The last 2 releases have accomplished absoloutly zero in fact they've even managed to brake the video scaler. Can't flip from sd to hd w/o a reboot. they should roll back a few revisions and start over at fixing the bugs they were trying to fix.


----------



## phongluu (Mar 8, 2005)

Anyone got L218 in their receiver yet?

Any luck with 921 software releast note to know what they are trying this time?

It has been missing since L215!

Thanks,
P.L


----------



## boylehome (Jul 16, 2004)

I don't think that L218 will spool today. 

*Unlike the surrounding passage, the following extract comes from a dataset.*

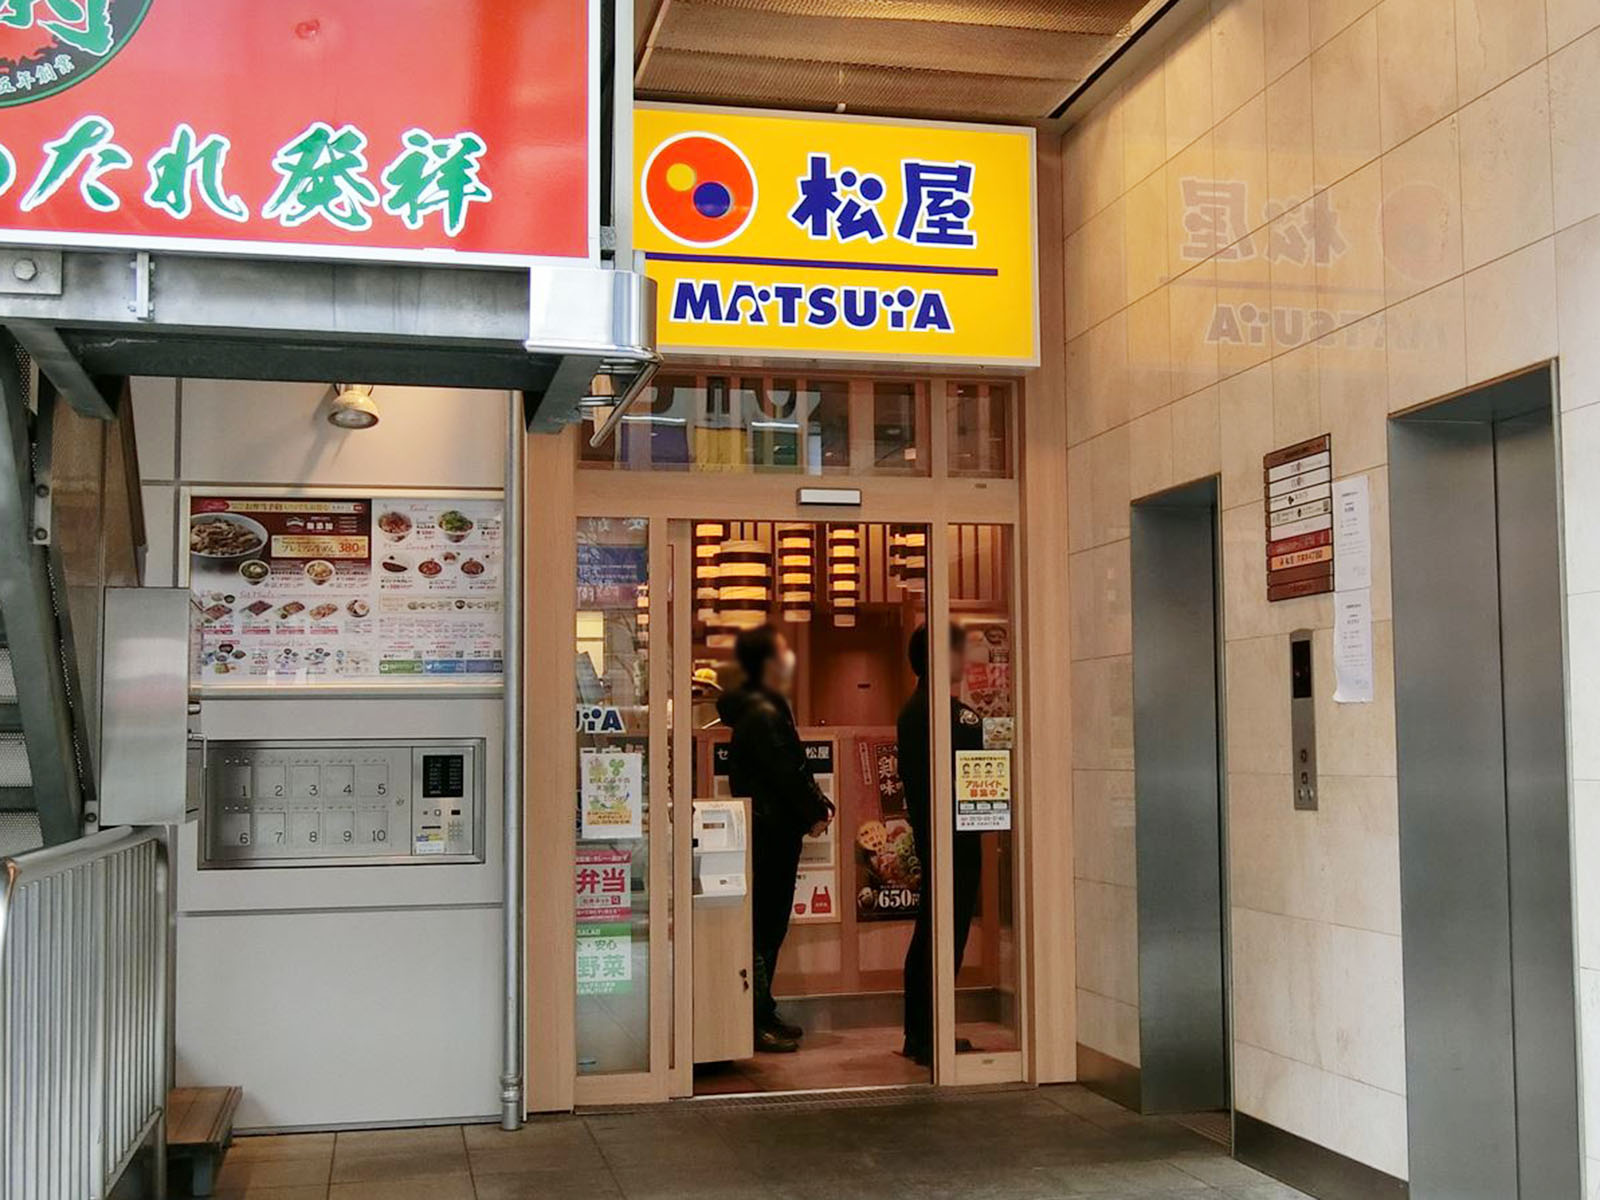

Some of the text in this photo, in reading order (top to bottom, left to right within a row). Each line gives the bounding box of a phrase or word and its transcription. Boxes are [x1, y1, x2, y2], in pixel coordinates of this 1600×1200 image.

I love it when I'm wrong about these things!!!! its downloading!


----------



## lapplegate (Jan 17, 2003)

I have a green light flashing. Had it in standby. The blue HD light came on and then the green started to flash.


----------



## Rotryrkt (Dec 11, 2004)

Mine just started at 5:45 CDT.  Duck and cover!!!!!


----------



## boylehome (Jul 16, 2004)

Well, mine just finished blinking.


----------



## langlin (Apr 8, 2005)

I hava a sucessful download, am going to reboot now


----------



## lapplegate (Jan 17, 2003)

Downloaded and installed. Had guide data missing for three OTA channels. Still have the same thing 218 did nothing to help. Now I have to go see what it broke.


----------



## Allen Noland (Apr 23, 2002)

lapplegate said:


> Downloaded and installed. Had guide data missing for three OTA channels. Still have the same thing 218 did nothing to help. Now I have to go see what it broke.


Did you Delete all and re-scan?


----------



## Cyclone (Jul 1, 2002)

Are we supposed to do that? I have L218 and I can't say that I see any difference.


----------



## DaveSwartz (Jan 25, 2003)

I am not a Locals subscriber (although I now have the temporary fix subscription for one month). When I bought my 921 I believed I would have integrated guide info just as I did with my old dish 5000 and like I finally had with the L215 load. I am not at all clear what Dish is planning for the permanent "fix". I had originally assumed that "fix" meant return the guide to work as it did with L215 (that is, no Locals subscription required to get the guide for OTA locals). 

Mark, is there a stated Dish position on whether 921/942 users are to ultimately have an integrated guide? I have a hard time sifting through postings that are often based on personal belief rather than actual policy.

I get a perfect OTA picture on all of my locals via an inexpensive antenna. I knew that the SD dish locals would not look as good but I am very suprised, now that I can see them, to see how bad the dish local picture is for the Miami area stations. I'm certainly not interested in paying for locals that I will never use.


----------



## wcswett (Jan 7, 2003)

My 921 is blinking now. Should be L218, I guess.

I just installed my OTA antenna for kicks this week as I'm 90 miles from the nearest digital OTA station. It's a huge 110 inch monster, which sprawls over my eight DBS/Ku band antennas. I added a 30 db powered amplifier the following day. Surpriusingly it picks up my "local" UPN station with about 95% reliability and my Fox affiliate with about 80% reliability. My 2,400 foot mountain altitude in an otherwise mostly flat state can't hurt, but I'm wondering what power levels ABC, NBC, CBS and WB in Atlanta are using that I can't get any of them in digital at all.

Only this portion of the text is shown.